The bulk of my baby quilts go to grad students who have babies currently (at the time of the birth) in my husband's research group.  The number of his white grad students who have had a baby while under his watch:  exactly none.  This is mostly because his grad students are mostly not American, never mind not white.  They are Chinese, Japanese, Filipino, Indian, & more & that's just right now.  Until very recently, the white students that even dated another white student were almost unknown.  You want to see the great American melting pot?  Cruise the graduate student lounge of a physics department.

Then there is my own social life.  More & more of my friends (who once upon a time WERE mostly white- you will probably not see the great American melting pot in an undergraduate English lit. & poetry program) have married people who are not.   & their kids are marrying people who are not.  & so it goes.  I have long exhausted almost all (I think all actually, but you never know what might be buried in there) my white-kids-only fabric.  I am trying to replace I with kids-of-all-colors fabric & this is the challenge:  there is not much out there.

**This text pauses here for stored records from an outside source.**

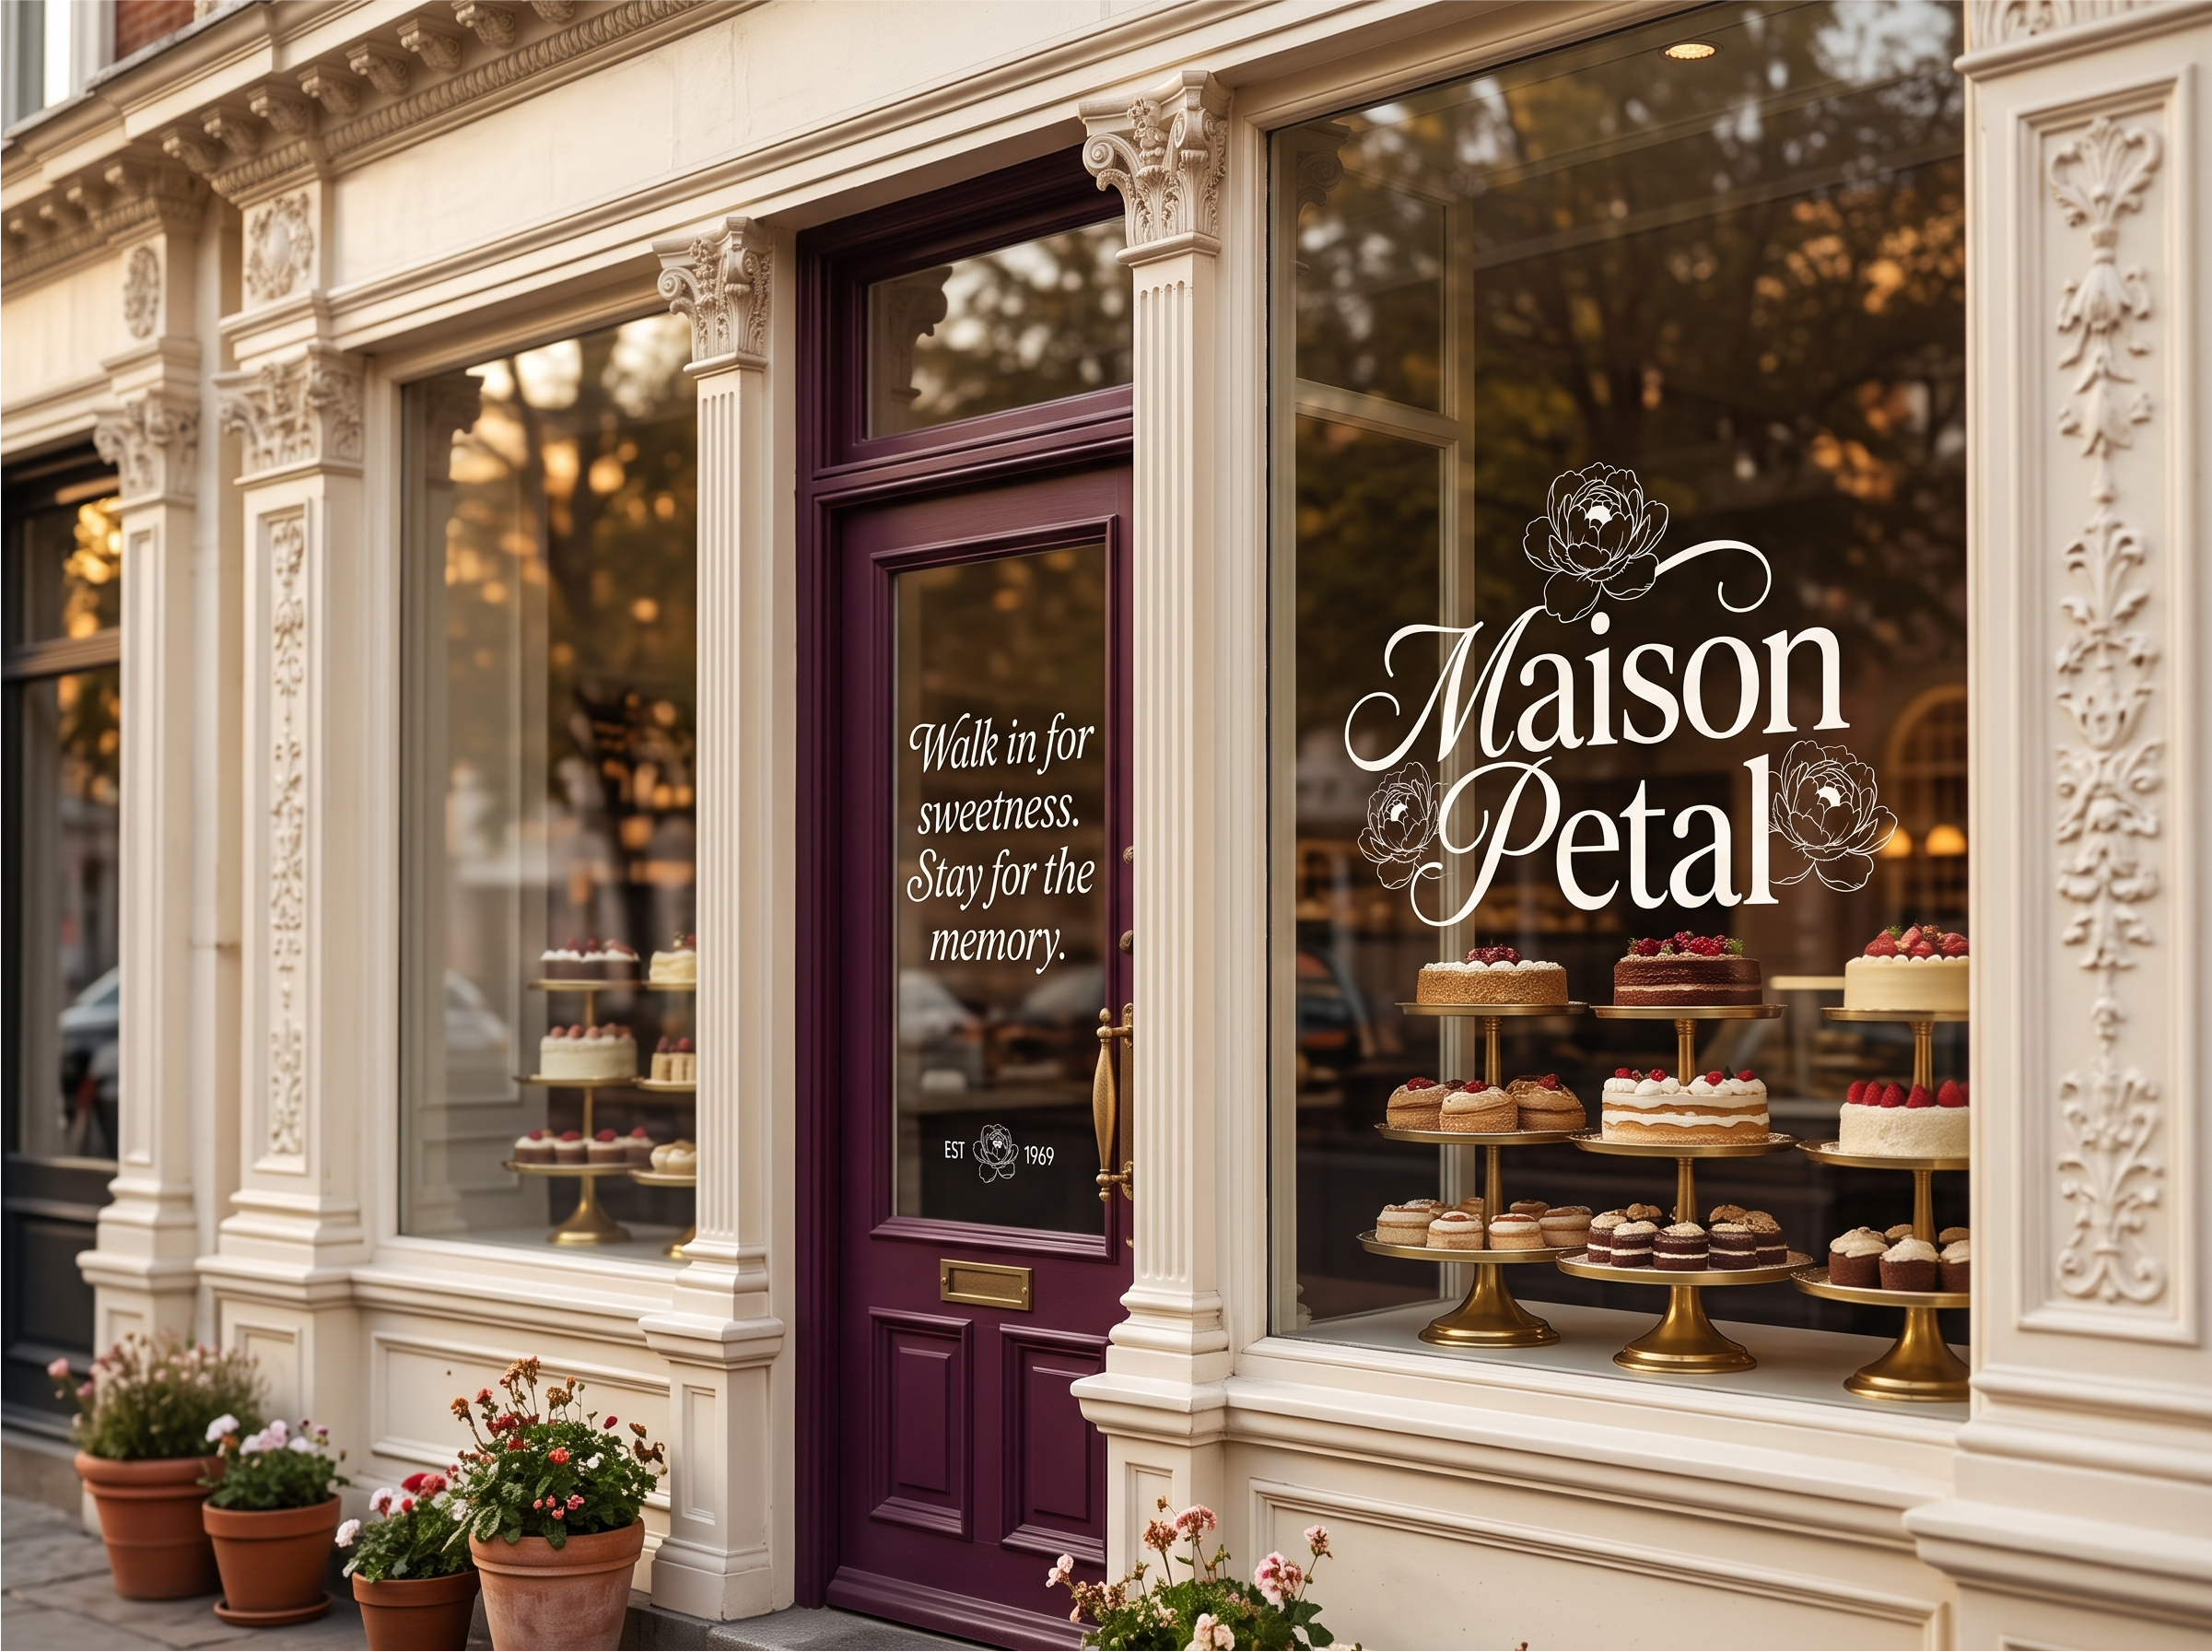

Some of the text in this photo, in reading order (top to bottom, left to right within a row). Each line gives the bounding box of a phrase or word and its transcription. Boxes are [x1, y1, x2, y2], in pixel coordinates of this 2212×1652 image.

[1344, 604, 1851, 772] Maison
[908, 711, 1094, 776] Walk in for
[918, 791, 1079, 835] sweetness.
[1410, 753, 1780, 927] Petal
[907, 846, 1095, 911] Stay for the
[930, 928, 1065, 975] memory.
[944, 1140, 1055, 1166] EST 1969
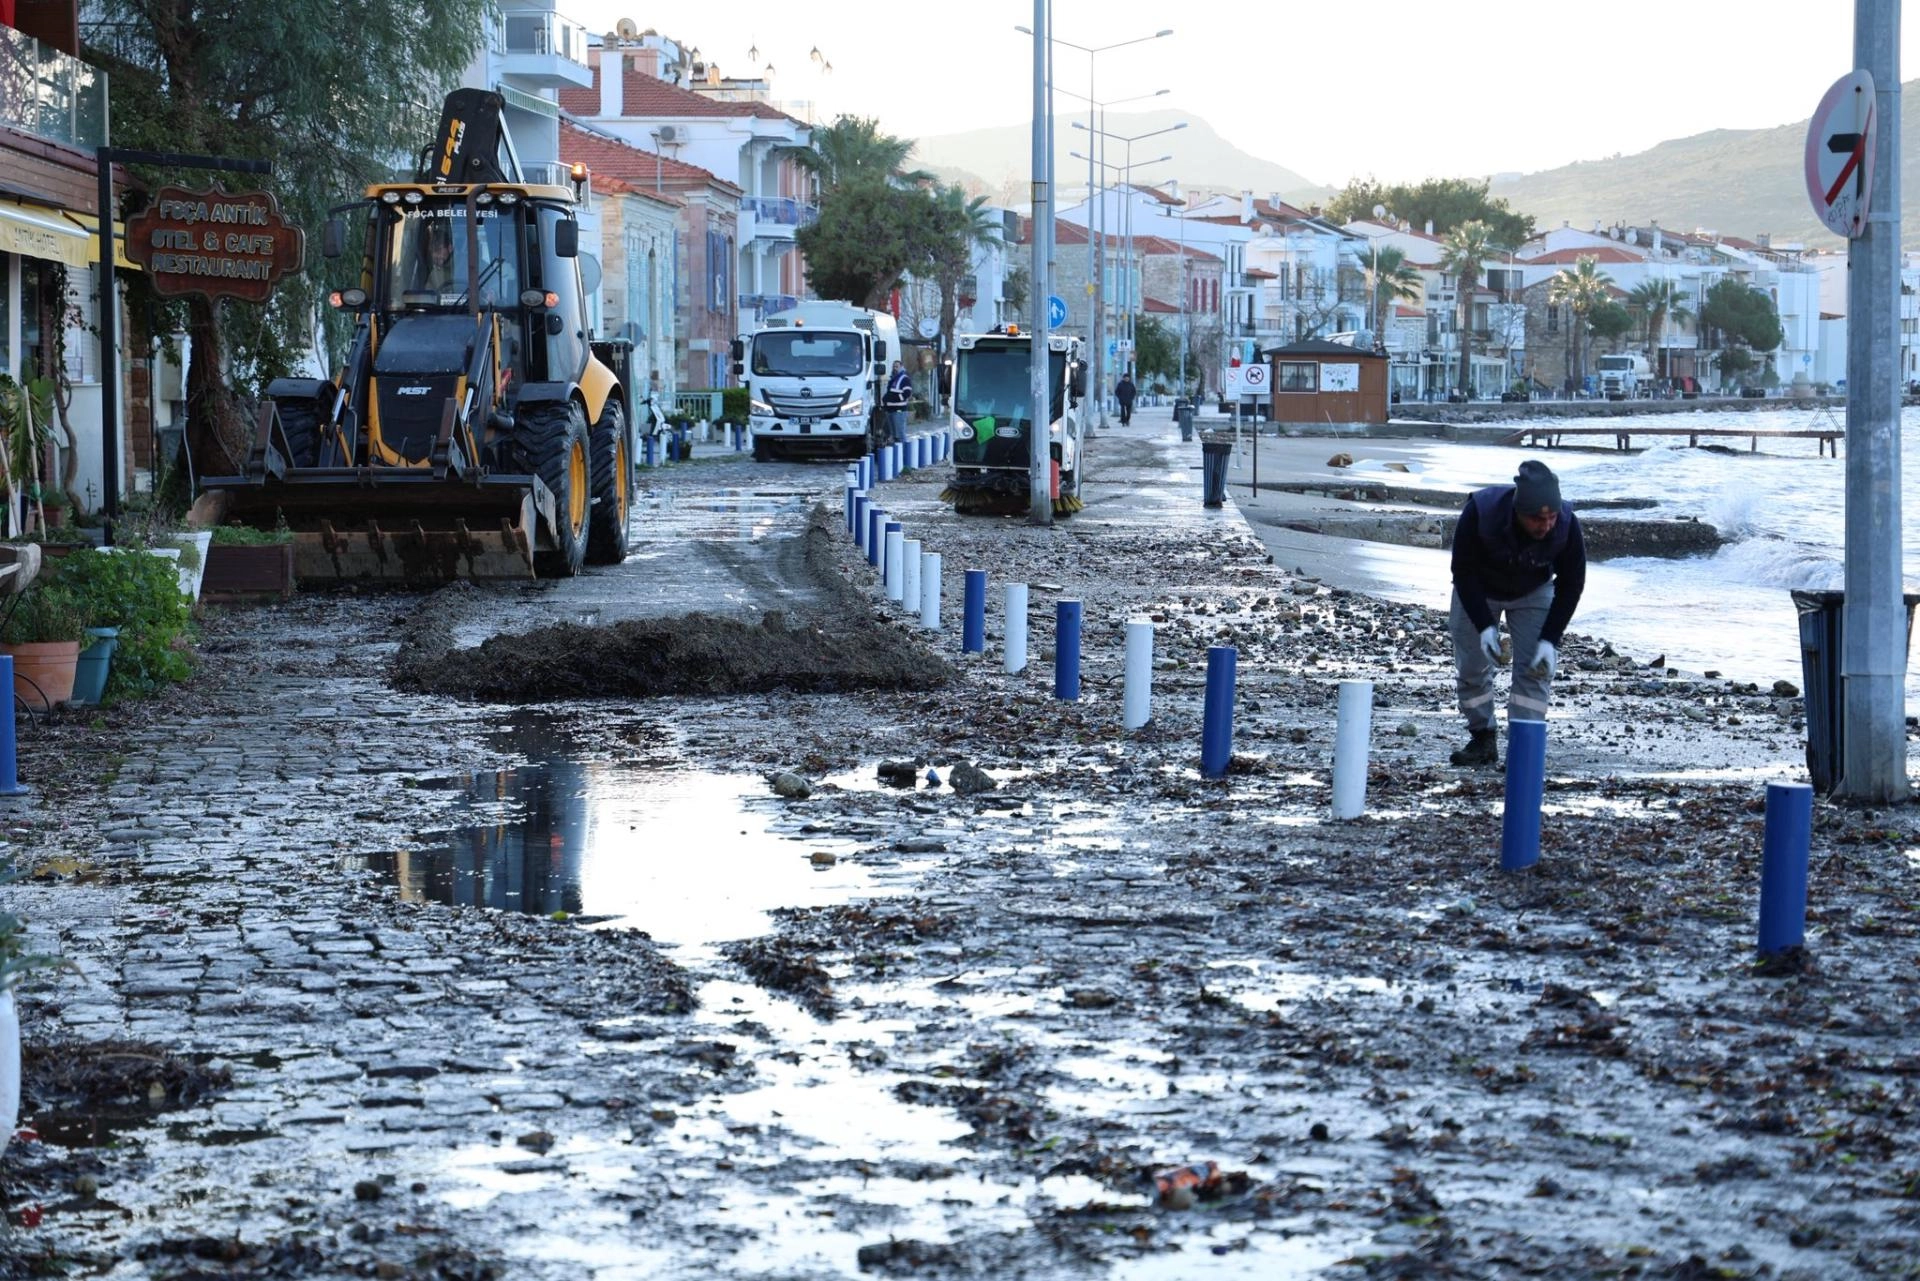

For years I relied on the people at UNICEF; they used to have a line of fabric featuring lines of children in many different traditional costumes.  I used the last of it here.  For a long time I hoarded some ordinary yellow fabric with ordinary babies in diapers crawling around on it; what was extraordinary was that they were very clearly white, African/African-American & Asian babies.  I doled it out in the tiniest squares & still have some squirreled away.  I will happily share much more expensive fabric, discontinued, whatever...even my beloved hotdogs but you will have to pry that yellow baby fabric from me one quarter yard at a time.

Still, there absolutely is more than there used to be.  Last year I discovered some Russian nesting dolls fabric with all kinds of kids...girls.  It was a strange choice to go multi-racial (yes, yes that part of the world has been mixing a while, just nesting dolls?  They are so not multi-ethnic) & bought as much as I could carry way.  Which brings me up to my recent trip to the quilt shop. 

They had this (they don't anymore):  many ethnic mermaids.  I wish some of them had afros, but otherwise this is perfect-o as I have a mermaid obsessed white friend who will someday have a baby with a latino father & a black godmother & my only wish is I don't end up giving this quilt to a little boy!  & yes I would do that, his mother is the mermaid freak after all, but it would be nice to have some choices.

So here is my request: Dear fabric company president designer person.  Could you please think about mixing it up a bit when it comes to skin & hair in your juvenile novelties.  Anthropomorphized animals are all well & good, but ordinary people doing ordinary things would be most welcome.

//in an interesting side note, my husband has been trying to get an American student he worked with in a summer intern-type thing to come here for grad school.  The student is as American as he can be--that's right Native American.  Still not white.